Abstract: Recent years have seen an astounding growth in deployment of AI systems in critical domains such as autonomous vehicles, criminal justice, and healthcare, where decisions taken by AI agents directly impact human lives. Consequently, there is an increasing concern if these decisions can be trusted. How can we deliver on the promise of the benefits of AI but address scenarios that have life-critical consequences for people and society? In short, how can we achieve trustworthy AI?

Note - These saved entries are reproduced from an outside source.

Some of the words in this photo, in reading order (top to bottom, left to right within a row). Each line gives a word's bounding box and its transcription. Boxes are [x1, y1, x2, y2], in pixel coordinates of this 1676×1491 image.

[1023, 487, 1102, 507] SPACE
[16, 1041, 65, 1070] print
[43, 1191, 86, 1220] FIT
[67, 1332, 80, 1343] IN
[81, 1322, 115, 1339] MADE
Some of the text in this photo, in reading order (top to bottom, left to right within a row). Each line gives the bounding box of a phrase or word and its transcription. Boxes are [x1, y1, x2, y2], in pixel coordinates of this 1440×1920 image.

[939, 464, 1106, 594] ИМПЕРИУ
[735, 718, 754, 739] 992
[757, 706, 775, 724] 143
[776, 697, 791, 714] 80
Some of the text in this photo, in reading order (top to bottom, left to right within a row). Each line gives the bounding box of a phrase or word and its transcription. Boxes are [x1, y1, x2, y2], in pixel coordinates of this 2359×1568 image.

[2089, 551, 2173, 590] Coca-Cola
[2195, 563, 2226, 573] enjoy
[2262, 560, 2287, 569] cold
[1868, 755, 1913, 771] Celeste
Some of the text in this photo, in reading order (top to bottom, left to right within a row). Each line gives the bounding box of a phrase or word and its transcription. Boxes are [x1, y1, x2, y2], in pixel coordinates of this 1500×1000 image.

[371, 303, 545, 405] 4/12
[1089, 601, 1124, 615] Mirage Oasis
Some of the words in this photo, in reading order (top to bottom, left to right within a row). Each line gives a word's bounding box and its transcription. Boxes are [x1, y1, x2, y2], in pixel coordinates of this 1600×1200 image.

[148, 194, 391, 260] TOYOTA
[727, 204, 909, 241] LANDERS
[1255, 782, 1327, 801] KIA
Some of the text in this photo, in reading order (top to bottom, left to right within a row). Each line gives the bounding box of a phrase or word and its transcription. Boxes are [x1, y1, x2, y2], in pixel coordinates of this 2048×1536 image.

Under the umbrella of trustworthy computing, employing formal methods for ensuring trust properties such as reliability and security has led to scalable success. Just as for trustworthy computing, formal methods could be an effective approach for building trust in AI-based systems. However, we would need to extend the set of properties to include fairness, robustness, and interpretability, etc.; and to develop new verification techniques to handle new kinds of artifacts, e.g., data distributions and machine-learned models. This talk poses a new research agenda, from a formal methods perspective, for us to increase trust in AI systems.
Bio: Jeannette M. Wing is the Executive Vice President for Research at Columbia University and Professor of Computer Science. In her EVPR role, she has overall responsibility for the University’s research enterprise at all New York locations and internationally. The New York locations include the Morningside and Manhattanville campuses, Columbia University Irving Medical Center, Lamont-Doherty Earth Observatory, and Nevis Laboratories. She joined Columbia in 2017 as the inaugural Avanessians Director of the Data Science Institute.
Prior to Columbia, Dr. Wing was Corporate Vice President of Microsoft Research, served on the faculty and as department head in computer science at Carnegie Mellon University, and served as Assistant Director for Computer and Information Science and Engineering at the National Science Foundation.
Dr. Wing’s research contributions have been in the areas of trustworthy AI, security and privacy, specification and verification, concurrent and distributed systems, programming languages, and software engineering. Her 2006 seminal essay, titled "Computational Thinking,’’ is credited with helping to establish the centrality of computer science to problem-solving in fields where previously it had not been embraced, and thereby influencing K-12 and university curricula worldwide.
She is a Fellow of the American Academy of Arts and Sciences, American Association for the Advancement of Science, the Association for Computing Machinery (ACM), and the Institute of Electrical and Electronic Engineers. She received distinguished service awards from the ACM and the Computing Research Association and an honorary doctorate degree from Linköping University, Sweden. She earned her bachelor’s, master’s, and doctoral degrees in computer science, all from the Massachusetts Institute of Technology.